(Beginning of SOURCE INFORMATION)

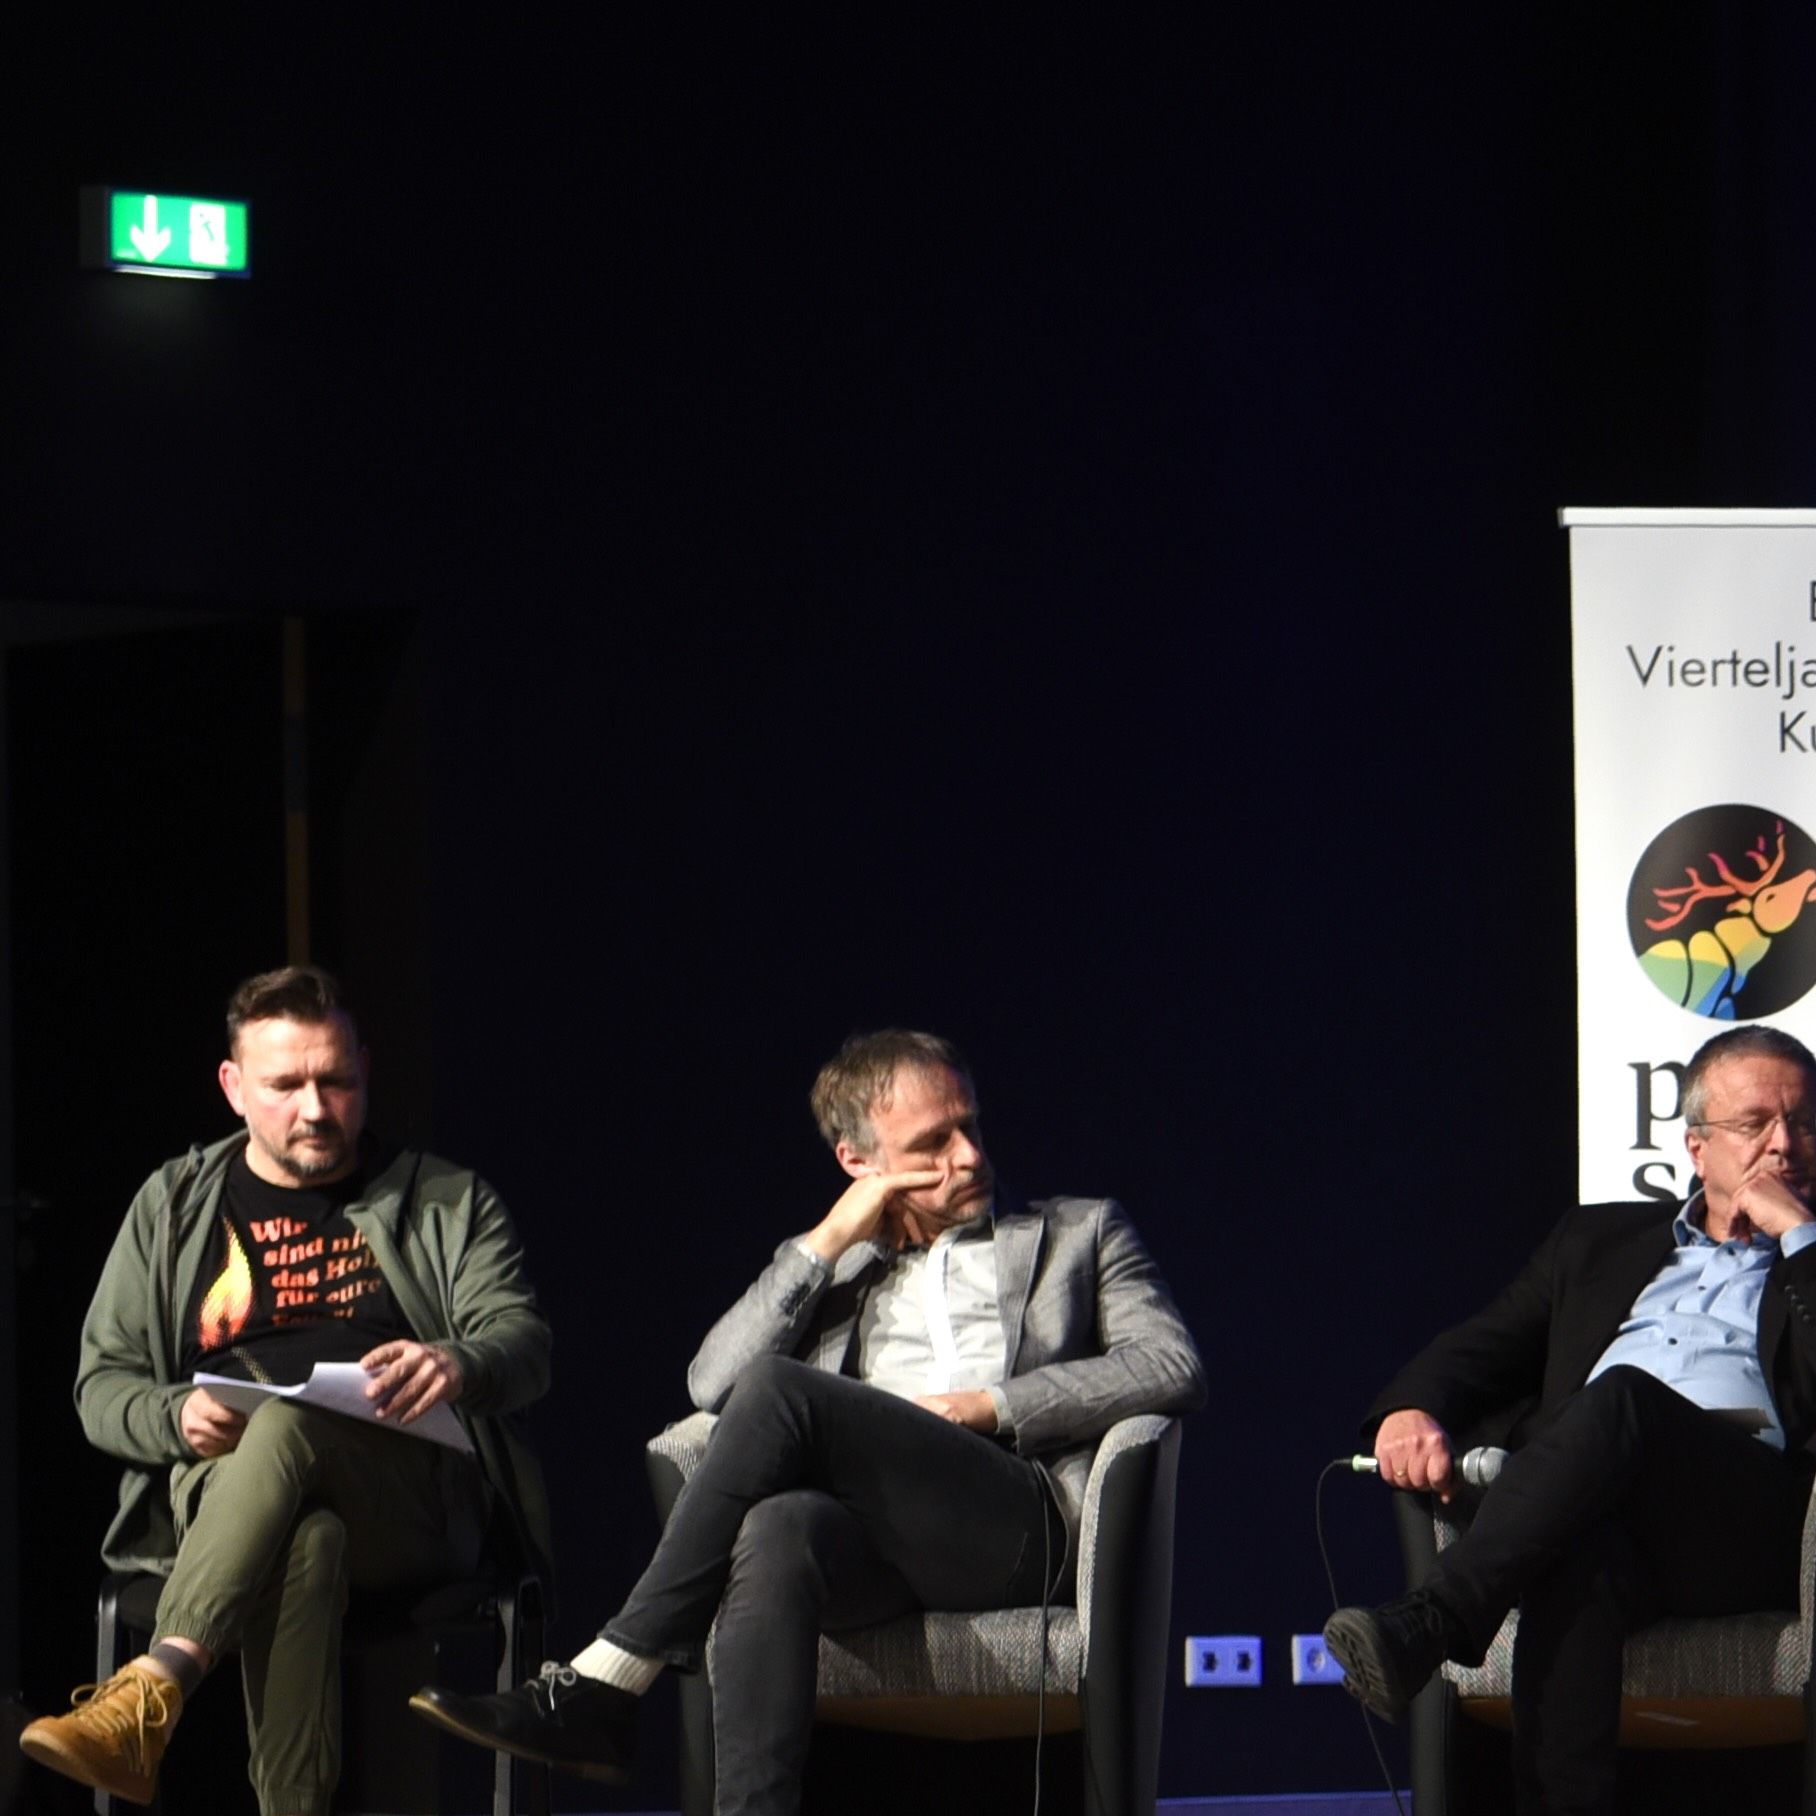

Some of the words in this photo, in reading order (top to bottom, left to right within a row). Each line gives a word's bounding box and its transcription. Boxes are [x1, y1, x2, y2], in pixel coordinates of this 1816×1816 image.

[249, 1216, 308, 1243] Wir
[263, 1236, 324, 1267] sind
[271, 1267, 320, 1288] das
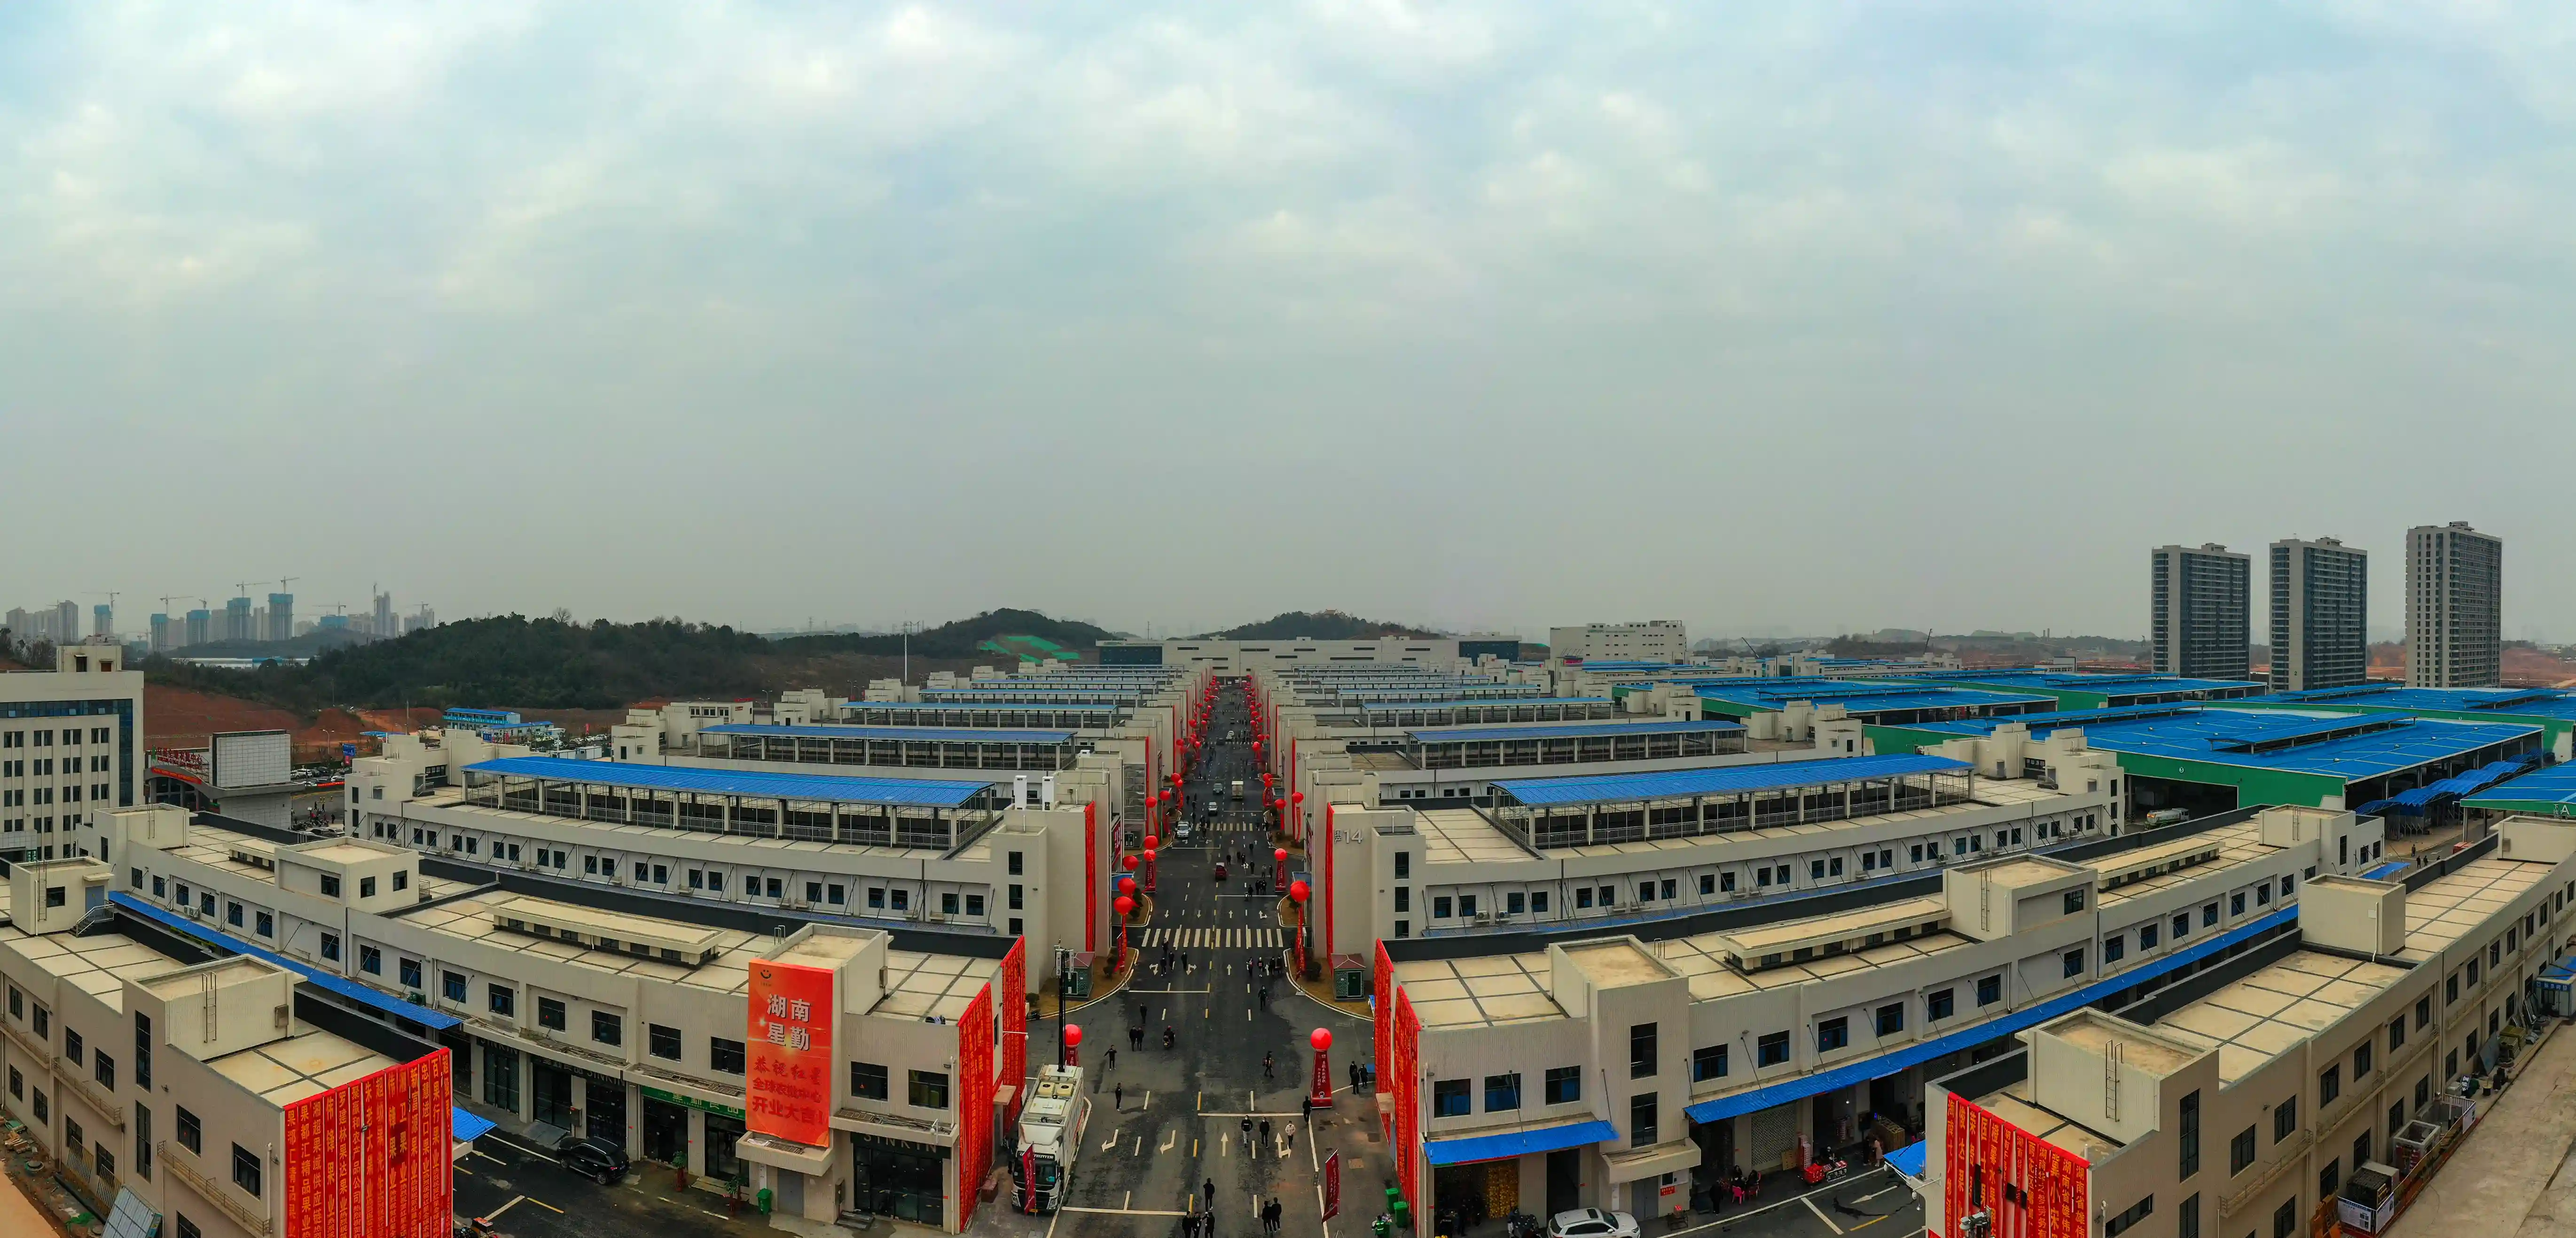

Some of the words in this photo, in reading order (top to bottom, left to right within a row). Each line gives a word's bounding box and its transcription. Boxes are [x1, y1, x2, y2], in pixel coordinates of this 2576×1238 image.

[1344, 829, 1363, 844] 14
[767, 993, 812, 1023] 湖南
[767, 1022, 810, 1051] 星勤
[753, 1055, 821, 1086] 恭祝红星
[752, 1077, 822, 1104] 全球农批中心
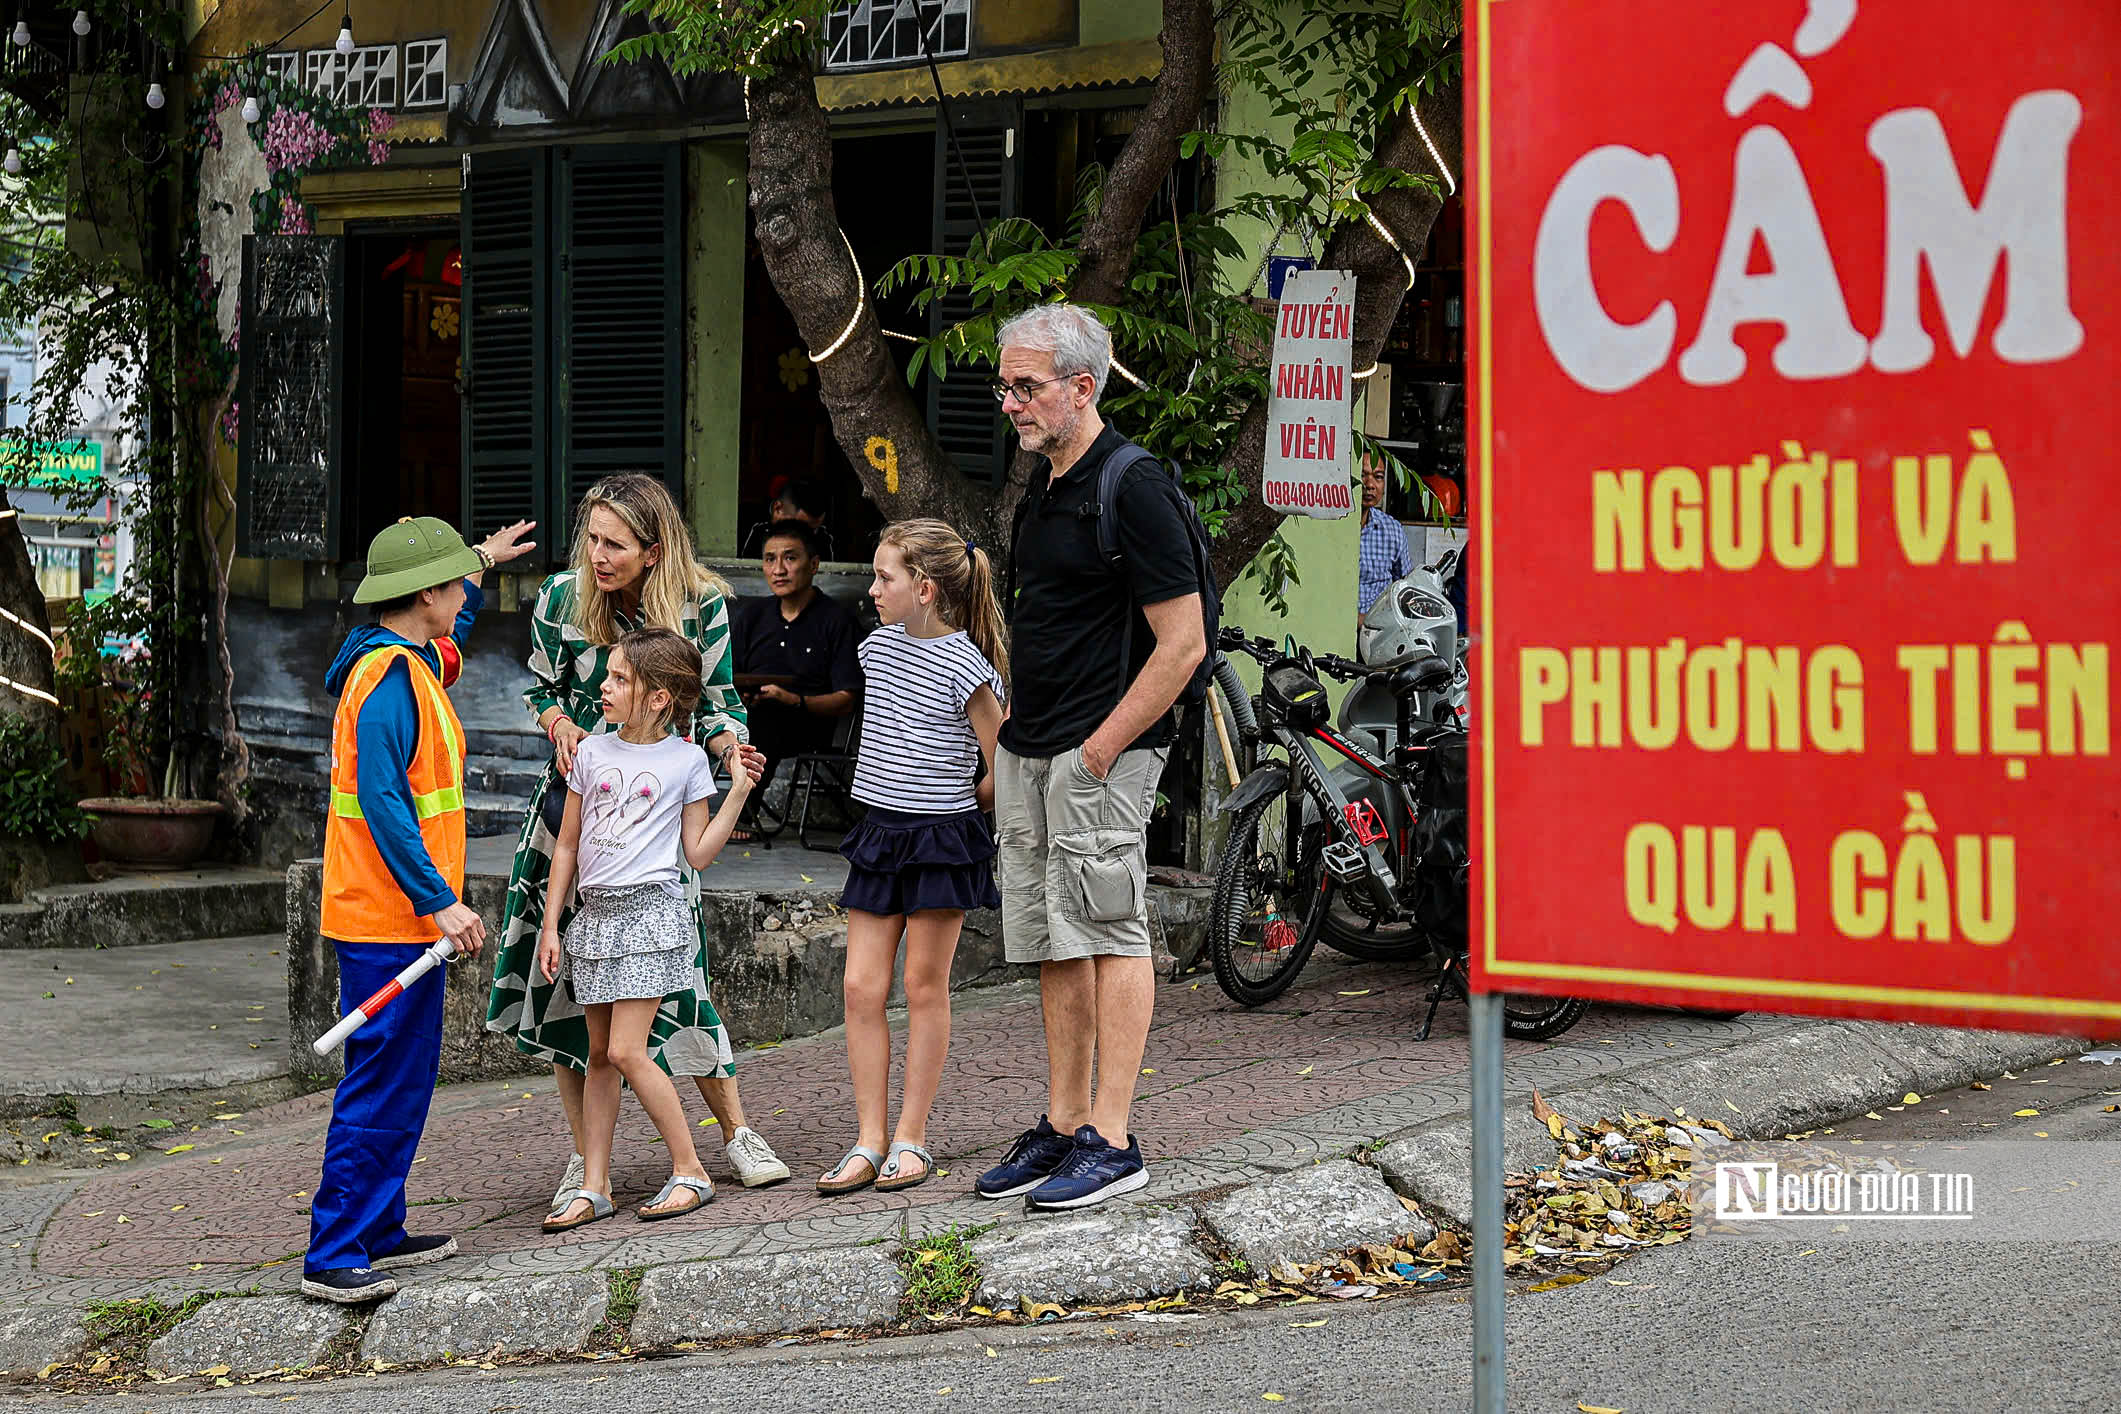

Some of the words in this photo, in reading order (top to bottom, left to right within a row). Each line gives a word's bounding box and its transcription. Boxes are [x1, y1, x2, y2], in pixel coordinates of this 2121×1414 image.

(End of SOURCE INFORMATION)

■ GOAL OF THE EXERCISE ■
Each entry is to be given again exactly as it stands, with its pictures removed.

■ RESULT OF THIS EXERCISE ■
Some of the words in this photo, in reading order (top to bottom, left to right within a row). Each line gives a word's bounding box and its transcription. Boxes are [x1, y1, x2, y2], in pixel coordinates of this 1816×1816 image.

[249, 1216, 308, 1243] Wir
[263, 1236, 324, 1267] sind
[271, 1267, 320, 1288] das

Some of the words in this photo, in reading order (top to bottom, left to right within a row). Each line gives a word's bounding box and its transcription. Boxes are [x1, y1, x2, y2], in pixel coordinates of this 2576×1238 image.

[1344, 829, 1363, 844] 14
[767, 993, 812, 1023] 湖南
[767, 1022, 810, 1051] 星勤
[753, 1055, 821, 1086] 恭祝红星
[752, 1077, 822, 1104] 全球农批中心

Some of the words in this photo, in reading order (top to bottom, left to right within a row). Each line gives a word's bounding box and its transcription. Boxes are [x1, y1, x2, y2], in pixel coordinates of this 2121×1414 image.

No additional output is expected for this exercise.